Análise da condição social das empregadas domésticas na América Latina a partir de representações presentes nos contos Coro e Ali de María Fernanda Ampuero
DOI :
https://doi.org/10.20873.261028Résumé
Partindo da compreensão da literatura como espaço de produção e problematização das representações sociais, este artigo analisa a condição das empregadas domésticas na América Latina a partir das representações presentes nos contos Ali e Coro, da escritora equatoriana María Fernanda Ampuero. Inseridas em um contexto marcado pela herança colonialista, escravista e patriarcal, as personagens dos contos evidenciam estruturas de exploração atravessadas pelas intersecções de gênero, raça e classe. O trabalho doméstico exercido por elas além de historicamente associado a funções consideradas “naturais” ao feminino, recai majoritariamente sobre mulheres pobres e racializadas, o que contribui para a manutenção de suas representações como de atividades desvalorizadas, invisibilizadas e desconexas da noção de trabalho dignificante. Neste sentido, a figura da empregada doméstica emerge como uma reconfiguração, em tempo presente, da mulher escravizada no espaço privado da casa grande.

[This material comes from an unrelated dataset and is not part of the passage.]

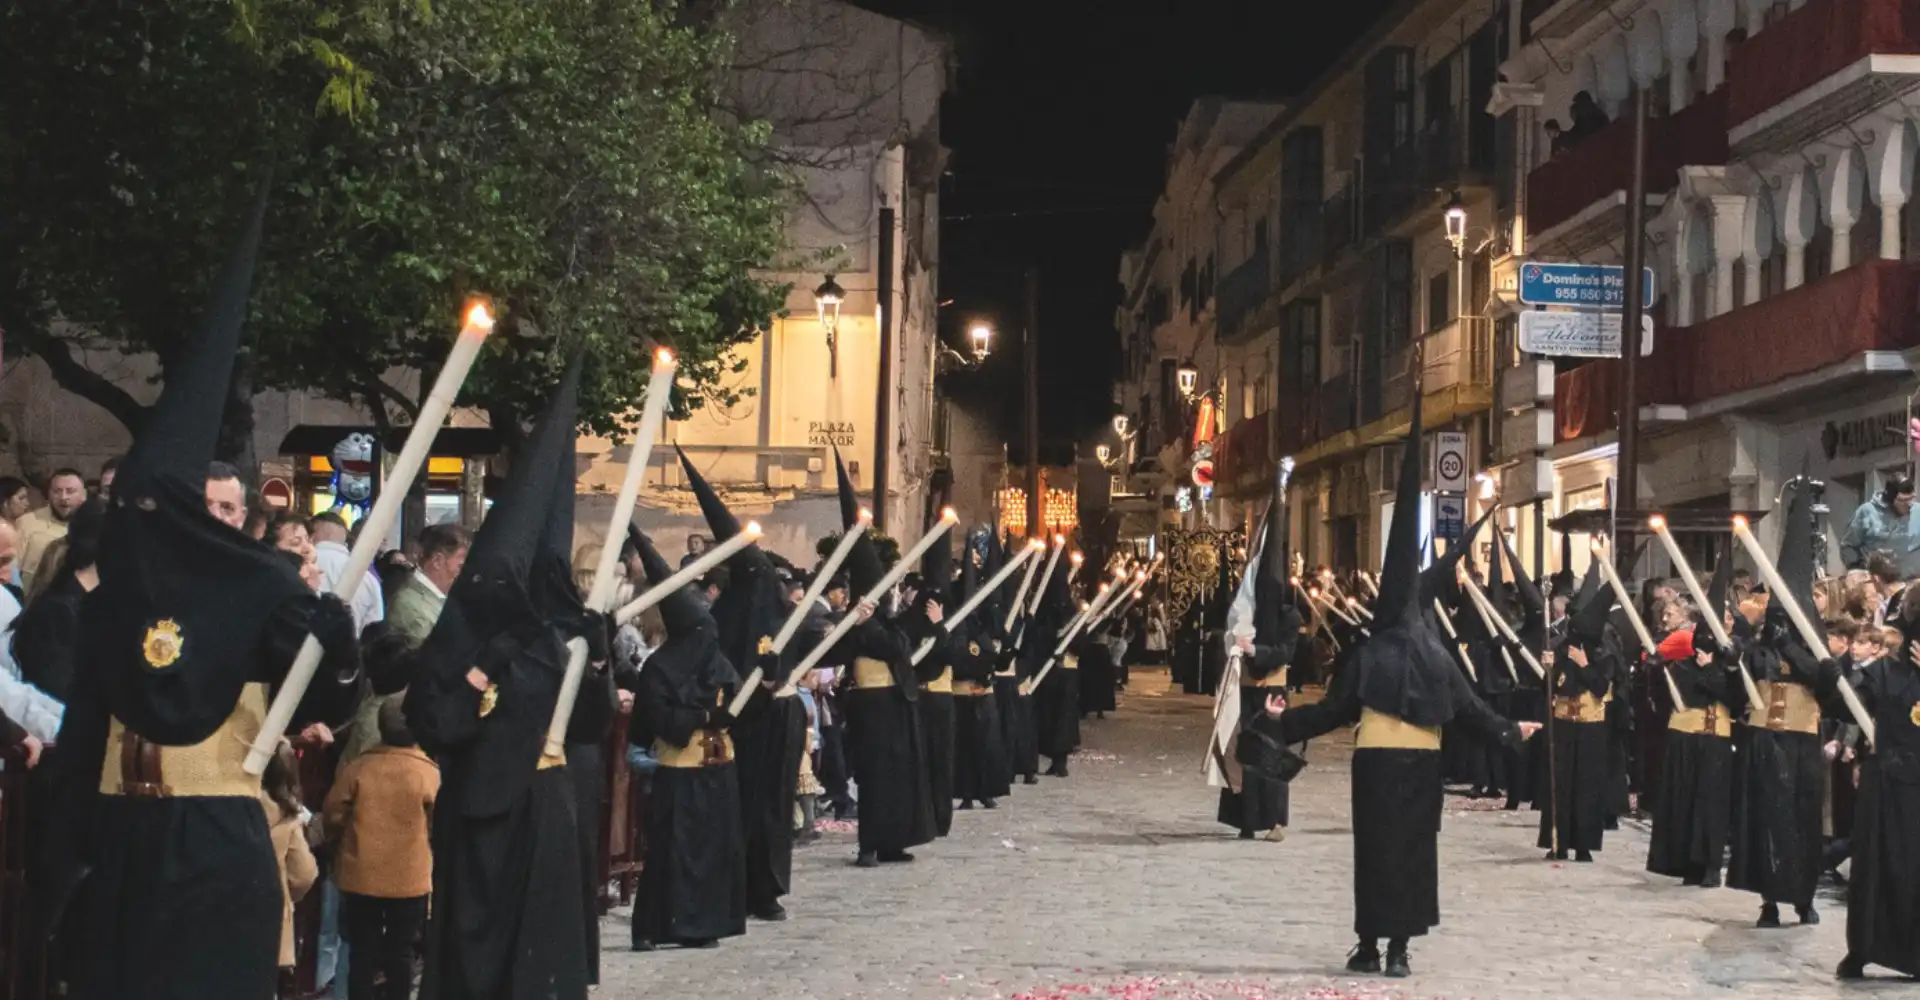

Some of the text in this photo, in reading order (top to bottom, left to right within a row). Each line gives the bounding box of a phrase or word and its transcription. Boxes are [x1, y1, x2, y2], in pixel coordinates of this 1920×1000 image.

A partir de aportes teóricos que mesclam perspectivas de áreas que dialogam com estudos sobre escravidão, literatura e colonialismo, a análise deste artigo organiza-se em quatro eixos temáticos: a índole e a natureza atribuídas às empregadas, as condições de trabalho, os processos de valoração e invisibilização e a construção da figura exótica. Dessa forma, o artigo evidencia que as condições de trabalho das empregadas domésticas, tanto nas narrativas analisadas quanto em nosso cotidiano, estão intrinsecamente ligadas à formação colonial de nossas sociedades, edificadas sobre o trabalho escravizado. Assim, propomos que essas reflexões contribuam para o debate sobre a condição socioeconômica dos sujeitos latino-americanos a partir de nossas próprias produções de conhecimento.